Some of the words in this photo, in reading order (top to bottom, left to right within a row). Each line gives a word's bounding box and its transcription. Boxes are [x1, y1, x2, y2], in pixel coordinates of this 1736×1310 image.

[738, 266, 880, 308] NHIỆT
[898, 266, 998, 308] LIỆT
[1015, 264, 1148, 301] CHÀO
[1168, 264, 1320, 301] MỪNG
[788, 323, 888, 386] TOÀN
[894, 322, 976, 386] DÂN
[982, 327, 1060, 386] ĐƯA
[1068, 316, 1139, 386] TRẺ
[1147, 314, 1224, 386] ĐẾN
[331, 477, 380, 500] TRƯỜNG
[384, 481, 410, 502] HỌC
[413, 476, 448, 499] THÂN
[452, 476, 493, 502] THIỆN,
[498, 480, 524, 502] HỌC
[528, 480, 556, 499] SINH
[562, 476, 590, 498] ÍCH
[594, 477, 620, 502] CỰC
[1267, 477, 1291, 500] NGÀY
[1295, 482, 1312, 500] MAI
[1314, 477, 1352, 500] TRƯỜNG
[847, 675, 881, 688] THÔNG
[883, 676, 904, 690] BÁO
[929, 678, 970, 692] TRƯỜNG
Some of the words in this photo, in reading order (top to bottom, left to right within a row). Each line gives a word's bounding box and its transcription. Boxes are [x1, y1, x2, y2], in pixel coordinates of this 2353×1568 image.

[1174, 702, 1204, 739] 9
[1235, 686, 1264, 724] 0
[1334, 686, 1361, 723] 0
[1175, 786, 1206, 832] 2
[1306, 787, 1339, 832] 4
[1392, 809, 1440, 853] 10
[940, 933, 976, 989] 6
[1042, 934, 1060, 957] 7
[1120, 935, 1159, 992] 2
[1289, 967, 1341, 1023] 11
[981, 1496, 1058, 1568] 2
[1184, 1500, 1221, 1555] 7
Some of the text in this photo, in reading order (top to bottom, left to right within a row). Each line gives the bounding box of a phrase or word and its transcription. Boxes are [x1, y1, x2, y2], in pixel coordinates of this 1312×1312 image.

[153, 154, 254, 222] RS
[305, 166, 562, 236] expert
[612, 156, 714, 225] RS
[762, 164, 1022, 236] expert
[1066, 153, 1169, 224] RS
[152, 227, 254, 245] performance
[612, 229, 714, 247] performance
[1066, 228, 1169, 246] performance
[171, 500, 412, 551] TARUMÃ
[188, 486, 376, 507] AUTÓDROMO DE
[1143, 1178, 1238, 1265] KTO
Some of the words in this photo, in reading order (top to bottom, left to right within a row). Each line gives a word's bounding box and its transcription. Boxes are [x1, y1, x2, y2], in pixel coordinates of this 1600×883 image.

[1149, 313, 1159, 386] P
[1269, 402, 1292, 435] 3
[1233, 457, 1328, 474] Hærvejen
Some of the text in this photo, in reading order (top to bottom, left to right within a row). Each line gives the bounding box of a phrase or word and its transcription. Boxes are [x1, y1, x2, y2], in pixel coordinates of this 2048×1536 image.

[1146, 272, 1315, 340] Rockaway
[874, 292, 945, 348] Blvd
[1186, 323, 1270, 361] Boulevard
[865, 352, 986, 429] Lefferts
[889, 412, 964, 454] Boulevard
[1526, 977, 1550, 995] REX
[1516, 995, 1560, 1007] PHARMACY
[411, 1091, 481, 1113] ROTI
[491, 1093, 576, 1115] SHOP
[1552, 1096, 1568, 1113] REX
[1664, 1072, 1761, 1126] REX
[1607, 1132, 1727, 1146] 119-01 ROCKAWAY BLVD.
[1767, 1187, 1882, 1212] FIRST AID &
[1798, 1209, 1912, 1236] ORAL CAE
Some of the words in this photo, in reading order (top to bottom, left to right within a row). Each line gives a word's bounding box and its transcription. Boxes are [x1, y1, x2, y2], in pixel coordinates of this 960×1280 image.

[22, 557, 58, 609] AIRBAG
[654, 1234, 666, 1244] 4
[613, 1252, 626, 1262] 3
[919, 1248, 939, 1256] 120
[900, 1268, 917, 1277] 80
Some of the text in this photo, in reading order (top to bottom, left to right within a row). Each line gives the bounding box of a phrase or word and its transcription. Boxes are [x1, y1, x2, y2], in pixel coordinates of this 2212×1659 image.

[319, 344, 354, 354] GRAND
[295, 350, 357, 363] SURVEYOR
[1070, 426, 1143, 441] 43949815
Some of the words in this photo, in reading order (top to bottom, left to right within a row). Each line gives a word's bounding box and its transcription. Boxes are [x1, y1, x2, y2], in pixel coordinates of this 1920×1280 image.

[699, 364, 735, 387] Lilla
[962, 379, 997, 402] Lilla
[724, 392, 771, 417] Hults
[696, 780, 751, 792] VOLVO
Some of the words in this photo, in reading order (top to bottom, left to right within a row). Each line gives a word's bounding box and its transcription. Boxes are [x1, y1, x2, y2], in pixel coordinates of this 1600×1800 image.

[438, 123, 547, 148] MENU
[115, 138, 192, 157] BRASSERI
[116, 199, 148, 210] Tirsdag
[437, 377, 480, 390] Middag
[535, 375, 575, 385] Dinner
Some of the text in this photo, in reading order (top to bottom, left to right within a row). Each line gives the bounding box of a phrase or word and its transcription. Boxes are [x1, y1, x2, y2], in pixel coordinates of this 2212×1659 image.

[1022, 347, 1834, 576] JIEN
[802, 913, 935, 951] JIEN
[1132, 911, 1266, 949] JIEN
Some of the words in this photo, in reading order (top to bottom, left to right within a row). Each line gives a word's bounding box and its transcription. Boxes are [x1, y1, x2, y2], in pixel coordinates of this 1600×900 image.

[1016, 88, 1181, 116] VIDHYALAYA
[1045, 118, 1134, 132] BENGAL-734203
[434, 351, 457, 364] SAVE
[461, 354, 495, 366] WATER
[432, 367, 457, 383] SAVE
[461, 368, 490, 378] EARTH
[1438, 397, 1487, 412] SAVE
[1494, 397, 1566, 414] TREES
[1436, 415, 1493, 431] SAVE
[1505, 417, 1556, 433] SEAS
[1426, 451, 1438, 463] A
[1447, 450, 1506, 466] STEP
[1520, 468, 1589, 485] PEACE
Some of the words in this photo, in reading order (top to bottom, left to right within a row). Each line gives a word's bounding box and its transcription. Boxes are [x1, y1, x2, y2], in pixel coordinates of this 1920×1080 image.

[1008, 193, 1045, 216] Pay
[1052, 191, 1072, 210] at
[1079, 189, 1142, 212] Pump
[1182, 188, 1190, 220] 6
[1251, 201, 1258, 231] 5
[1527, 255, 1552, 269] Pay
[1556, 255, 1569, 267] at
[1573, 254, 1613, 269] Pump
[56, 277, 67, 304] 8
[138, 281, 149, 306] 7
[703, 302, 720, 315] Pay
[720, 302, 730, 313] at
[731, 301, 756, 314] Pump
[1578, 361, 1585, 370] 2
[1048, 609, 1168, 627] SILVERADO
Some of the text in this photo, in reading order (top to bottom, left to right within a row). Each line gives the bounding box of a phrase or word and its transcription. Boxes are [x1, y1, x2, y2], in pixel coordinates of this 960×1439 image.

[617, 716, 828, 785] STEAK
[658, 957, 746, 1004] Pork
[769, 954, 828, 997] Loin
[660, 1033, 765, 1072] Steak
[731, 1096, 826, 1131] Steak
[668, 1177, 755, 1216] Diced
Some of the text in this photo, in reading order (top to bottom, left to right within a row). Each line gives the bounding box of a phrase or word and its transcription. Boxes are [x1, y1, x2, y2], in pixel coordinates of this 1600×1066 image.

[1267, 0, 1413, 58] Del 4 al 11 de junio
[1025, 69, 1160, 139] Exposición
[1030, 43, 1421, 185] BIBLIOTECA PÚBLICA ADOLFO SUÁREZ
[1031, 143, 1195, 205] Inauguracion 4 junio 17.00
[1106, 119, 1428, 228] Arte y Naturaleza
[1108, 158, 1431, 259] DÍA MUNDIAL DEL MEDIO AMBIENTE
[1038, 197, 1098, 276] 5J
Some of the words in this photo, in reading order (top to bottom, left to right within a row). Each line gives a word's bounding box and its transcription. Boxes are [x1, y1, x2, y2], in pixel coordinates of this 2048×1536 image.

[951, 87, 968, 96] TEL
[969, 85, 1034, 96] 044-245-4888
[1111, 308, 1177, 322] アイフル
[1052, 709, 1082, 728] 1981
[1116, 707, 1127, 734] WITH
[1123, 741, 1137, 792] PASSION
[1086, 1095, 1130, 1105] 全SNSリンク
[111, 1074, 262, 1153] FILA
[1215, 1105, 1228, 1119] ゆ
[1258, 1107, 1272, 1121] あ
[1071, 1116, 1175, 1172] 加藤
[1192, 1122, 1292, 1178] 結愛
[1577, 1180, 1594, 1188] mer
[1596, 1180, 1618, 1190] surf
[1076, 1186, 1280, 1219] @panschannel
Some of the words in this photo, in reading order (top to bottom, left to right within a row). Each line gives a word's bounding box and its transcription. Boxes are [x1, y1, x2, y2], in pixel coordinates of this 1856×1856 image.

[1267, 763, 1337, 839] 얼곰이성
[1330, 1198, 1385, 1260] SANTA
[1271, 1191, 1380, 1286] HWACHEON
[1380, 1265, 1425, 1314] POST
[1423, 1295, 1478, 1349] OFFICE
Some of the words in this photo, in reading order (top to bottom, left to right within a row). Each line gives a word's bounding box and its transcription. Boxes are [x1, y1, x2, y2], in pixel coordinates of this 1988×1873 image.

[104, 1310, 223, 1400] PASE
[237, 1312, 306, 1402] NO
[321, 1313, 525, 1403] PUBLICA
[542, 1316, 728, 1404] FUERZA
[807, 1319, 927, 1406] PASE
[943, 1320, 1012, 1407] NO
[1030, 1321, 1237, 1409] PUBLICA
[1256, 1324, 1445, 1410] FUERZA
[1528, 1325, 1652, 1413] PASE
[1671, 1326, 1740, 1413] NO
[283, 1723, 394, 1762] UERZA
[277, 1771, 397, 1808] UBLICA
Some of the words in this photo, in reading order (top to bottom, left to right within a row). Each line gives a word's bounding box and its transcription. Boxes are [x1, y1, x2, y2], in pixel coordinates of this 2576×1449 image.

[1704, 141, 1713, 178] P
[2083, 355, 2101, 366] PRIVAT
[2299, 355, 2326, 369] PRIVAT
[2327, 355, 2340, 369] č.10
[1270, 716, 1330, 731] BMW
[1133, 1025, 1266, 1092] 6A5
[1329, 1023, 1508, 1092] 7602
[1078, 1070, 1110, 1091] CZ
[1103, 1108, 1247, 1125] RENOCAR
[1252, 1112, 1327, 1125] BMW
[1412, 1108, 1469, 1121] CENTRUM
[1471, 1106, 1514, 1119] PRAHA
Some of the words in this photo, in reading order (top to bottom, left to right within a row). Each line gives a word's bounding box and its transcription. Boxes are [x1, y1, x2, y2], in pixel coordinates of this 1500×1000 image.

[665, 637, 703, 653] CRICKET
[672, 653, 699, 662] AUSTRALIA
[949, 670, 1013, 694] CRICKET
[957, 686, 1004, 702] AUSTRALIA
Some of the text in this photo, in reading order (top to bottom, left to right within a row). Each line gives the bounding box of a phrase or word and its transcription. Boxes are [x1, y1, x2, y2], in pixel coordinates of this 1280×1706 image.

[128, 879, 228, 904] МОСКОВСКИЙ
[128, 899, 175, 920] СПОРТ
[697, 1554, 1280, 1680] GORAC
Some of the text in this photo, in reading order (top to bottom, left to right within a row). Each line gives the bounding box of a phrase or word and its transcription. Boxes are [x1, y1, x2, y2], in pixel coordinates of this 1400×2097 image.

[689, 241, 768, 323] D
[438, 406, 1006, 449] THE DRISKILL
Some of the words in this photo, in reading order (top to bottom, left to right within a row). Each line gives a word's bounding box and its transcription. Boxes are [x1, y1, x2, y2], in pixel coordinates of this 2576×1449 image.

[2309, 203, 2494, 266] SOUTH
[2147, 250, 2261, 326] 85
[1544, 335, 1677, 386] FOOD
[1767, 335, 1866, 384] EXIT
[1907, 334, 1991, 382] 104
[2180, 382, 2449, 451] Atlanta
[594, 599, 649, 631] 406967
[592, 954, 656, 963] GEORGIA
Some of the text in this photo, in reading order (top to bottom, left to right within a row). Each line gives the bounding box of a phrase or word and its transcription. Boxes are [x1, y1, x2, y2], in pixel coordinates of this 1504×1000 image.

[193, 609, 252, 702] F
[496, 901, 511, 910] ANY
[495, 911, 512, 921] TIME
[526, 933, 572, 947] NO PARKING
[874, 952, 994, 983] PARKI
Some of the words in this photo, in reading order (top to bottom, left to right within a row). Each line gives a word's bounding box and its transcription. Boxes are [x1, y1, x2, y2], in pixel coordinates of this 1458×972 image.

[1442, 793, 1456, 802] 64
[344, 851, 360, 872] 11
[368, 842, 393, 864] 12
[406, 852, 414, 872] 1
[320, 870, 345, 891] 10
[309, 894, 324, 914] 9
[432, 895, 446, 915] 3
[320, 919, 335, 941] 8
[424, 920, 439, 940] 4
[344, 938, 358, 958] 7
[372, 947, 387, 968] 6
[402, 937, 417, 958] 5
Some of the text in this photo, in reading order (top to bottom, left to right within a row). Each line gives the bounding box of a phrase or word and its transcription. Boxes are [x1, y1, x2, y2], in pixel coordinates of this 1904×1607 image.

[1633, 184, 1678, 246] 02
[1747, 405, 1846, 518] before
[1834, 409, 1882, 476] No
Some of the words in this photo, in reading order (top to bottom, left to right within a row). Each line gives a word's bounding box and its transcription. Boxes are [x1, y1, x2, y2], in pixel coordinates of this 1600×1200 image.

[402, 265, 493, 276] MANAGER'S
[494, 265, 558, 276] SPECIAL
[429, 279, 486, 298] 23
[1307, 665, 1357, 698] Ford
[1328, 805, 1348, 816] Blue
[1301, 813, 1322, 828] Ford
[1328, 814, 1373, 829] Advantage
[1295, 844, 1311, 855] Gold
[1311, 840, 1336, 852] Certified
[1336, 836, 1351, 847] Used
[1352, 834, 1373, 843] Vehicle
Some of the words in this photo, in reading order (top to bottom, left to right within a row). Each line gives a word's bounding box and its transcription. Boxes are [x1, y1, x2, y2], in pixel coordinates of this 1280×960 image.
========
In the listing above, find the line containing "this 1904×1607 image."; that line and every line after it, through the last, are to be retyped exactly.

◆ **Solution to the problem**
Some of the text in this photo, in reading order (top to bottom, left to right within a row). Each line gives the bounding box of a phrase or word and its transcription. Boxes are [x1, y1, x2, y2], in pixel coordinates of this 1904×1607 image.

[1633, 184, 1678, 246] 02
[1747, 405, 1846, 518] before
[1834, 409, 1882, 476] No
Some of the words in this photo, in reading order (top to bottom, left to right within a row). Each line gives a word's bounding box and its transcription. Boxes are [x1, y1, x2, y2], in pixel coordinates of this 1600×1200 image.

[402, 265, 493, 276] MANAGER'S
[494, 265, 558, 276] SPECIAL
[429, 279, 486, 298] 23
[1307, 665, 1357, 698] Ford
[1328, 805, 1348, 816] Blue
[1301, 813, 1322, 828] Ford
[1328, 814, 1373, 829] Advantage
[1295, 844, 1311, 855] Gold
[1311, 840, 1336, 852] Certified
[1336, 836, 1351, 847] Used
[1352, 834, 1373, 843] Vehicle
Some of the words in this photo, in reading order (top to bottom, left to right within a row). Each line gives a word's bounding box and its transcription. Boxes are [x1, y1, x2, y2], in pixel coordinates of this 1280×960 image.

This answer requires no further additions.